▸ WHAT YOU ARE ASKED TO DO
Omit the images and return the remaining entries unchanged.

▸ INPUT MATERIAL

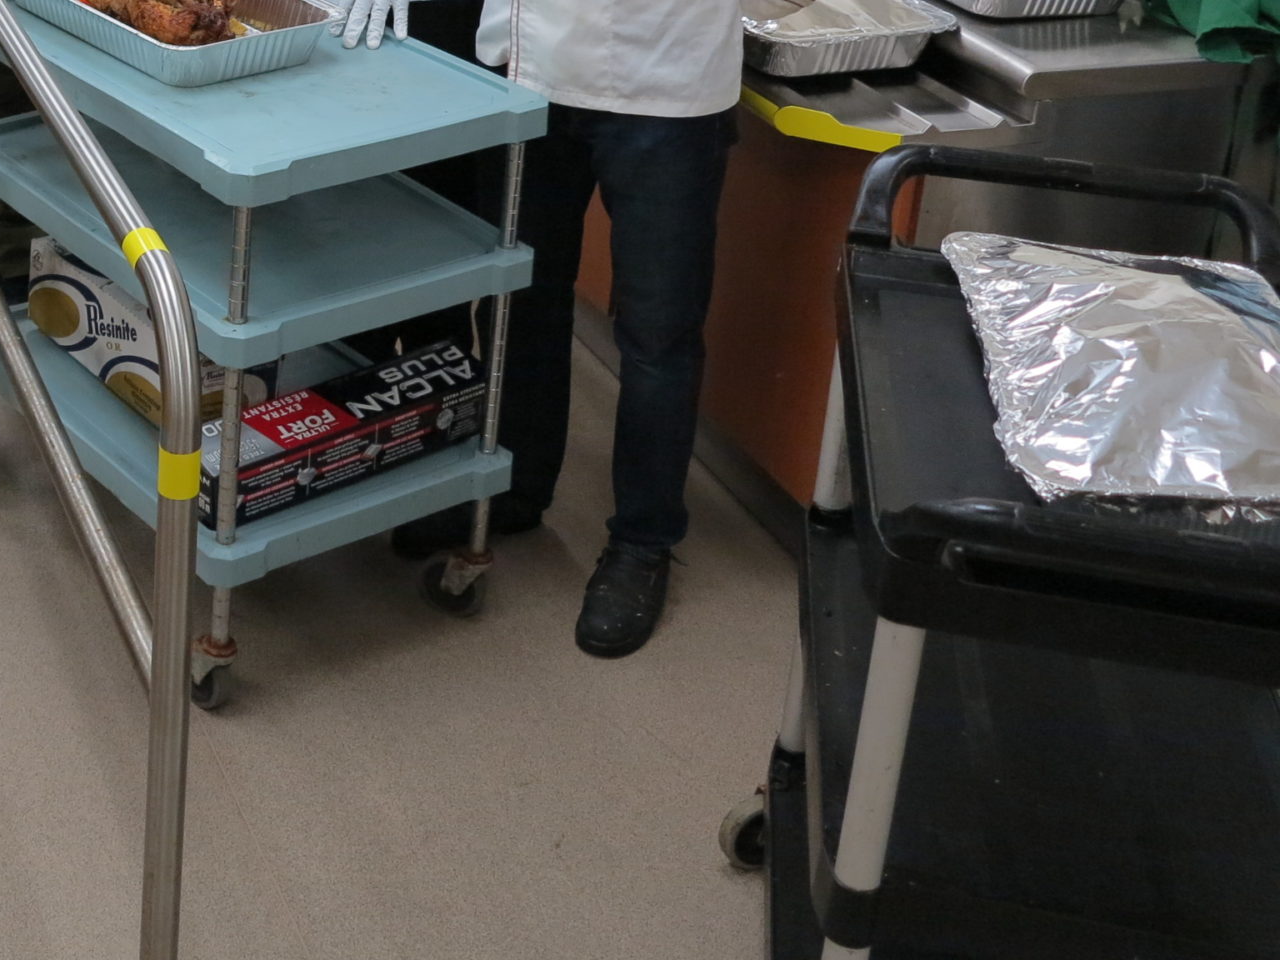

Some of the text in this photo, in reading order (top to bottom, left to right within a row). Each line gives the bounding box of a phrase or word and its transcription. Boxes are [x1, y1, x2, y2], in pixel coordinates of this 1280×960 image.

[85, 303, 138, 343] Resinite
[378, 345, 464, 383] PLUS
[345, 359, 472, 419] ALCAN
[261, 403, 303, 421] EXTRA
[276, 408, 336, 439] FORT
[294, 424, 331, 440] ULTRA
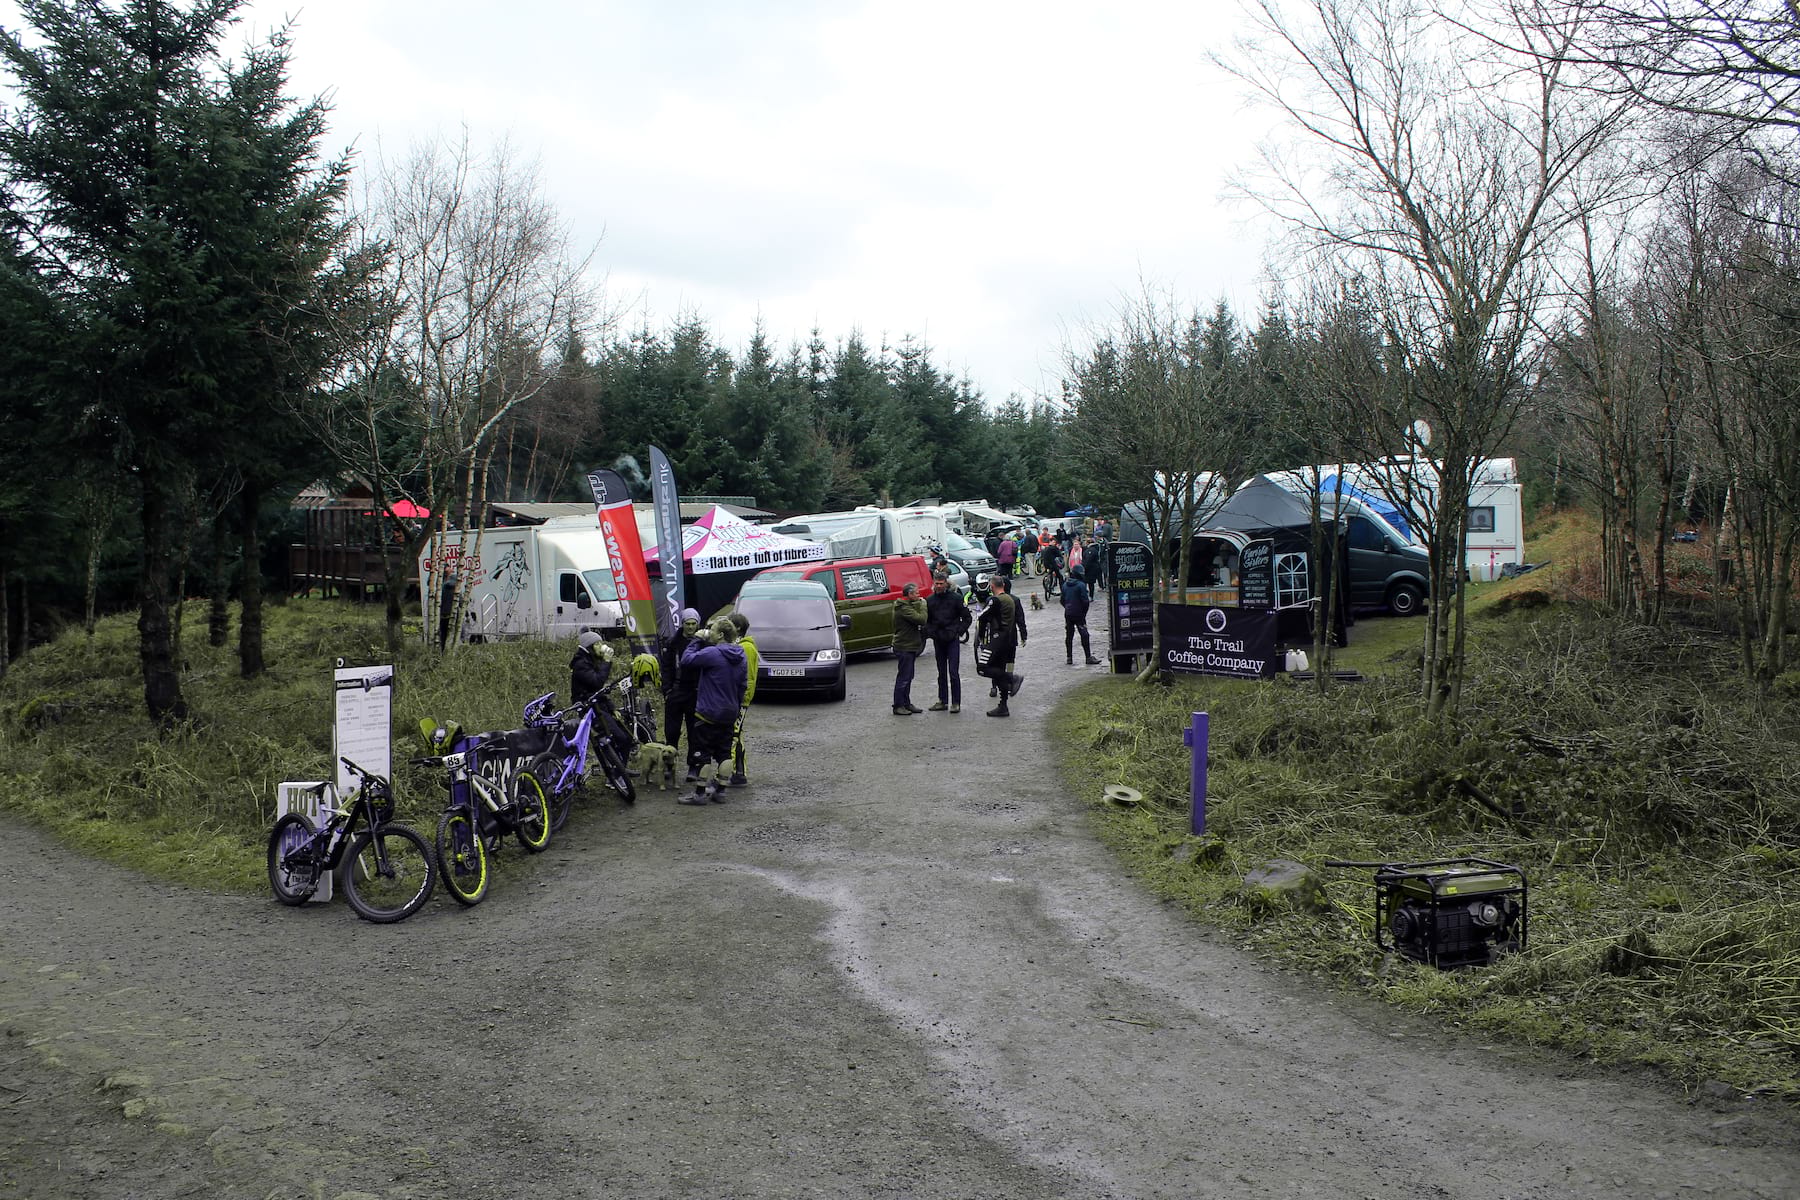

▸ SOLUTION TO THE PROBLEM
Some of the text in this photo, in reading order (top to bottom, left to right within a row). Each line gives the bounding box of a phrase or word and its transcription. Boxes are [x1, y1, x2, y2], in pixel coordinates of this 1280×960 image.

[85, 303, 138, 343] Resinite
[378, 345, 464, 383] PLUS
[345, 359, 472, 419] ALCAN
[261, 403, 303, 421] EXTRA
[276, 408, 336, 439] FORT
[294, 424, 331, 440] ULTRA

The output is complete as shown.